Exercise directions: Transcribe the data exactly. Leave nothing out.
** Opening Material for this task block **
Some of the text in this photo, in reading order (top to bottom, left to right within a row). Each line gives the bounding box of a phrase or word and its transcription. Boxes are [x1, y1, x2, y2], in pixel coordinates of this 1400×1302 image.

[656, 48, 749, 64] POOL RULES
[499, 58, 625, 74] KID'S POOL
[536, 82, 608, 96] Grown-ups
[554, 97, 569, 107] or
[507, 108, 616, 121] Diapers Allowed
** Closing Material for this task block **
Response below:
Some of the text in this photo, in reading order (top to bottom, left to right within a row). Each line gives the bounding box of a phrase or word and its transcription. Boxes are [x1, y1, x2, y2], in pixel coordinates of this 1400×1302 image.

[656, 48, 749, 64] POOL RULES
[499, 58, 625, 74] KID'S POOL
[536, 82, 608, 96] Grown-ups
[554, 97, 569, 107] or
[507, 108, 616, 121] Diapers Allowed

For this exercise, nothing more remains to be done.